Newly discovered behavior in cancer cells signals dangerous metastasis

The most aggressively malignant cancer cells have a "toggle switch" that enables them to morph into highly mobile cells that invade other tissues and then nest comfortably in their new surroundings, a new study in rats suggests.

This picture of how cancer cells shift between two alternating states -- travelers and nesters -- represents a new understanding of how cancer metastasizes, or spreads to other parts of the body, said the Duke Comprehensive Cancer Center researchers who conducted the study.

"Understanding this toggle switch might ultimately enable scientists to find ways to stop cells from metastasizing, which is the most deadly trait of cancer," said the study's lead investigator, Mariano Garcia-Blanco, M.D., Ph.D., professor of molecular genetics and microbiology.

The researchers will publish their findings in the Sept. 19, 2006, issue of the journal Proceedings of the National Academy of Sciences, now available on line.

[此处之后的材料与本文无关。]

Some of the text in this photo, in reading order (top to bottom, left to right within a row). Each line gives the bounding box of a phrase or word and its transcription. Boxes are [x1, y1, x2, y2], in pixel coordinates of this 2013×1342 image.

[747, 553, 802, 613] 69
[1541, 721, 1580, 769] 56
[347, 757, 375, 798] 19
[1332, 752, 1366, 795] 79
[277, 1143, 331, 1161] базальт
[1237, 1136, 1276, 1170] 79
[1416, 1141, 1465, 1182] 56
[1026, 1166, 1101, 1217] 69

The research was funded by the National Cancer Institute.

Until now, scientists have believed that cancer cells must transform permanently from stationary epithelial cells into migratory mesenchymal cells in order to metastasize.

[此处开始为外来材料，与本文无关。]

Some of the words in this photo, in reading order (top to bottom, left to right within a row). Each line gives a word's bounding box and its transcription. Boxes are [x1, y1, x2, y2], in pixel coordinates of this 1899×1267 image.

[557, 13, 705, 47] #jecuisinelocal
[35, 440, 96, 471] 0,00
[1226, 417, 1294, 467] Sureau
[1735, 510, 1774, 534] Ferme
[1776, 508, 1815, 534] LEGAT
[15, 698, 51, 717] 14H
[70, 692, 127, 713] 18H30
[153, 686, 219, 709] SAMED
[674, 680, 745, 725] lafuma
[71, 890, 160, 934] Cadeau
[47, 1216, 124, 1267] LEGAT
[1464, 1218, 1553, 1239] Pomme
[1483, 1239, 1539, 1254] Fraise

The Duke team discovered that highly malignant cells are equal parts epithelial and mesenchymal, transitioning between the two as their surroundings necessitate. The proteins that the cell produces dictate which way the cell shifts.

In a classic example of survival of the fittest, a cancer cell's ability to toggle between epithelial and mesenchymal enables the most malignant cells to aggressively invade and then peacefully adapt in unfamiliar territory, the scientists said.

"The prevailing notion has been that the more mesenchymal the cancer cells, the more mobile and metastatic they would be," Garcia-Blanco said. "In reality, aggressive cancer cells are not homogenous, but are extremely versatile in their ability to adapt as their survival needs shift."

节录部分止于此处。